Yes, they are the same part. Before, the bike looked as if it had one wheel in the shredder, mostly due to its cases. Polish, paint and cleanup made the bike worth being seen on.
Gone is the old polish of a Triumph clutch cover or of the rocker boxes of a Shovelhead. Now we get less-expensive machine-polished cases covered with a clear plastic paint. Without the clear coating, today's polished cases wouldn't make it to the dealer without at least minor corrosion. As tough as these clear paints are, they do deteriorate with time, exposure to the sun and chemical attack. When they do, the owner can have an ugly mess to clean up.
Before we start to deal with correcting the consequences of case corrosion, let's take a lobk at what you can do to prevent the deterioration from occurring.

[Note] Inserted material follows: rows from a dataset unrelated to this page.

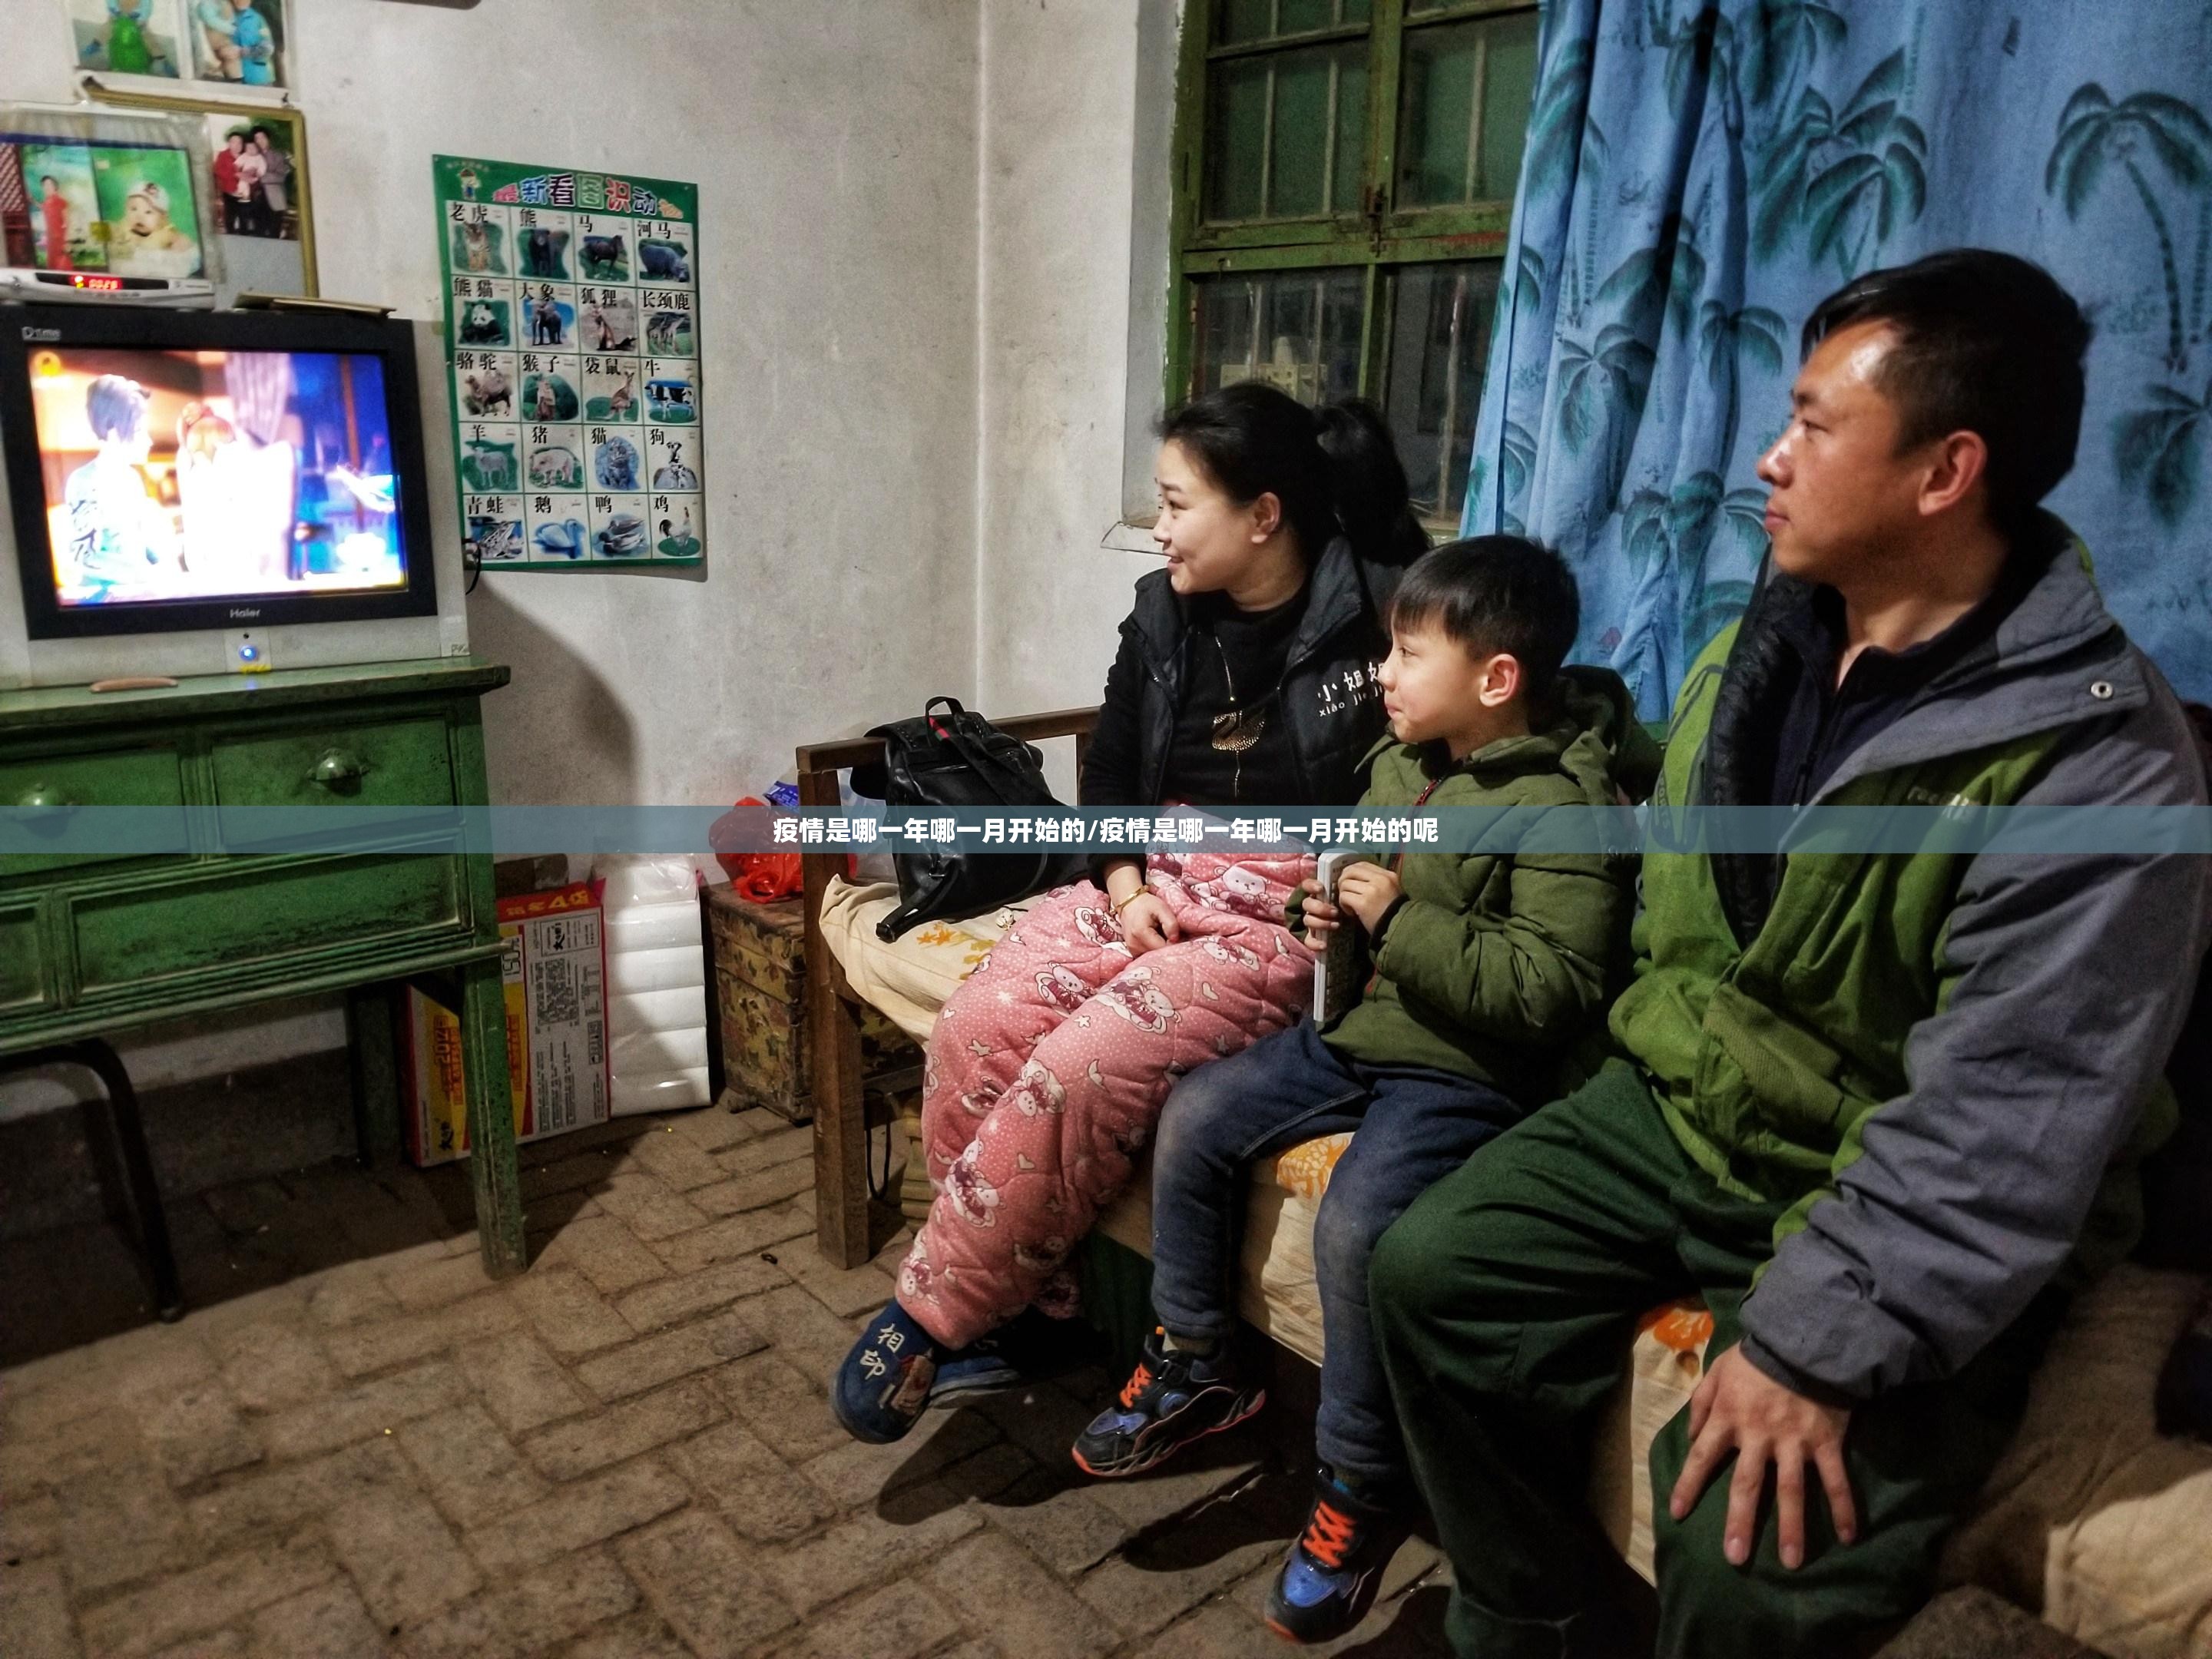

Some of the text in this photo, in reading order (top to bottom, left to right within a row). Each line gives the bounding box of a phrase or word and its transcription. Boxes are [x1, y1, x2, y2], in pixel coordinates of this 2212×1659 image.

[450, 203, 488, 223] 老虎
[520, 209, 537, 227] 熊
[577, 215, 592, 233] 马
[637, 220, 671, 239] 河马
[453, 277, 493, 298] 熊猫
[518, 282, 555, 302] 大象
[581, 287, 617, 309] 狐狸
[643, 290, 690, 310] 长颈鹿
[456, 352, 497, 370] 骆驼
[522, 354, 560, 373] 猴子
[585, 357, 621, 375] 袋鼠
[644, 359, 661, 376] 牛
[469, 424, 485, 442] 羊
[532, 426, 548, 444] 猪
[591, 427, 607, 445] 猫
[650, 429, 664, 445] 狗
[469, 495, 504, 515] 青蛙
[535, 495, 551, 513] 鹅
[595, 495, 612, 513] 鸭
[654, 495, 669, 512] 鸡
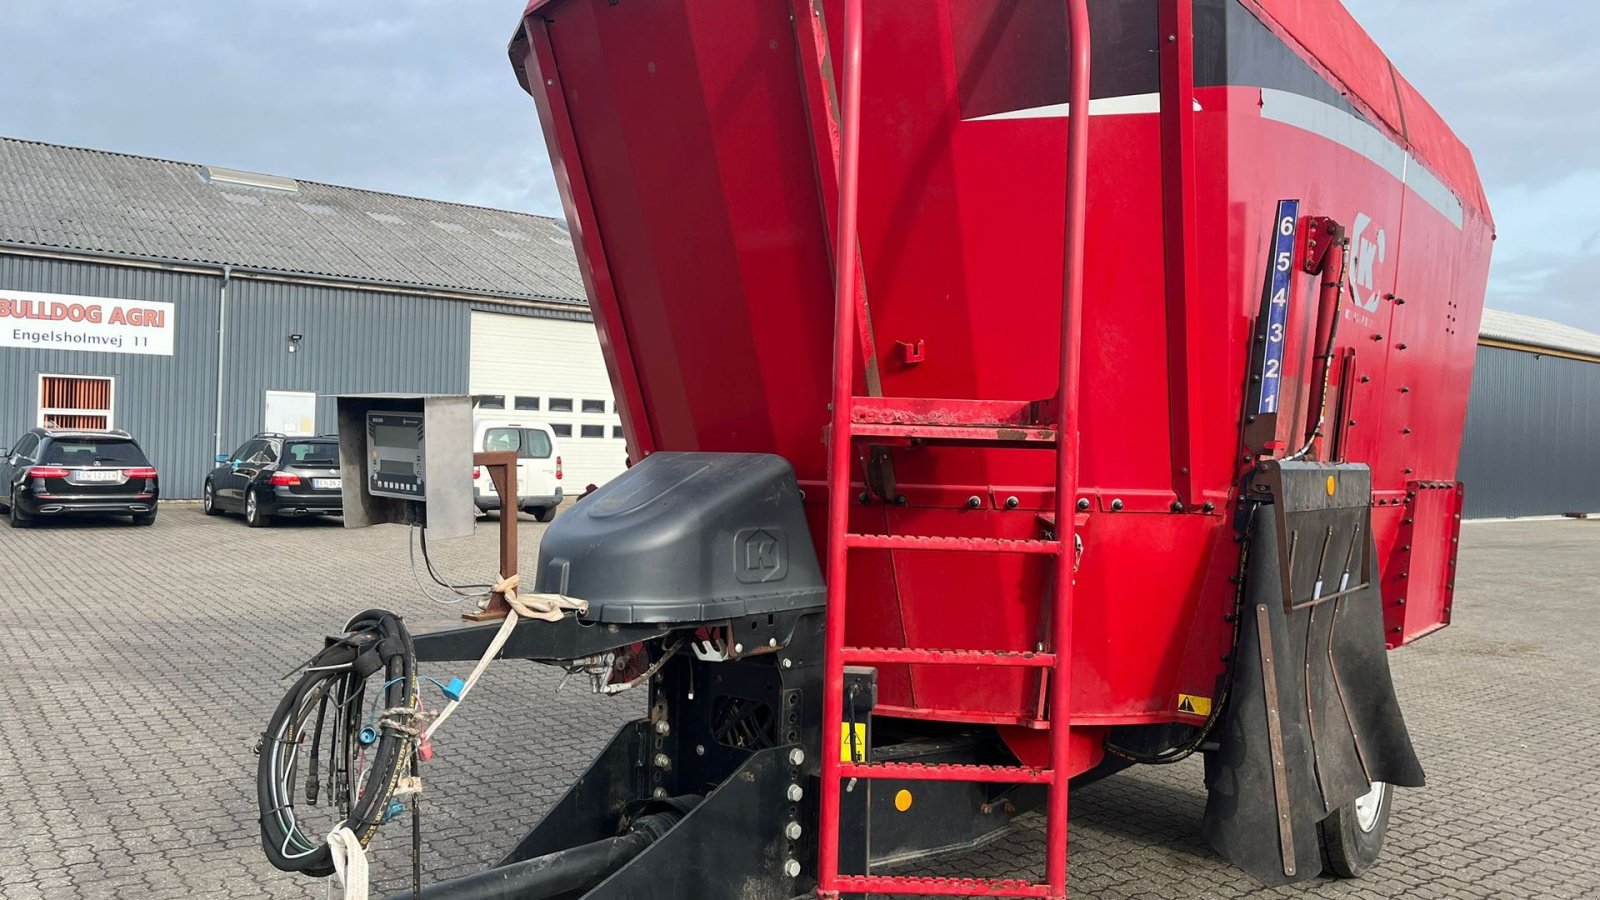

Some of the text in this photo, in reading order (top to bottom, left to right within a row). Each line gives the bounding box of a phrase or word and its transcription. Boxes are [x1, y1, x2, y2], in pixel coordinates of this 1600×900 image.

[1280, 216, 1294, 236] 6
[1277, 252, 1291, 272] 5
[1272, 287, 1286, 307] 4
[0, 299, 165, 329] BULLDOG AGRI
[13, 329, 148, 348] Engelsholmvej 11
[1270, 323, 1283, 343] 3
[1265, 359, 1279, 378] 2
[1264, 394, 1276, 413] 1

The tough clear coat the manufacturers apply to the polished cases of their bikes can be damaged in three main ways: exposure to the sun's light, chemicals and heat. If you intend to have any fun at all, you will put your bike in the sun and get its cases hot. If you live in Los Angeles or near the beach you will expose it to chemical attack. However, there is hope.
The easiest protection is to wash and wax the bike regularly. Washing removes chemicals such as salt that attack all the painted surfaces. The sun's energetic and harmful ultraviolet rays can be attenuated by generous coats of wax. Good old hard waxes such as Classic Car Wax and Slipstream are excellent examples. Wax also keeps the majority of the harsh chemicals, such as ocean salt, from reaching the fragile clear coat over the even more delicate surface of your bike's polished alloy cases. Just don't polish too much; you might rub right through the plastic coating in time.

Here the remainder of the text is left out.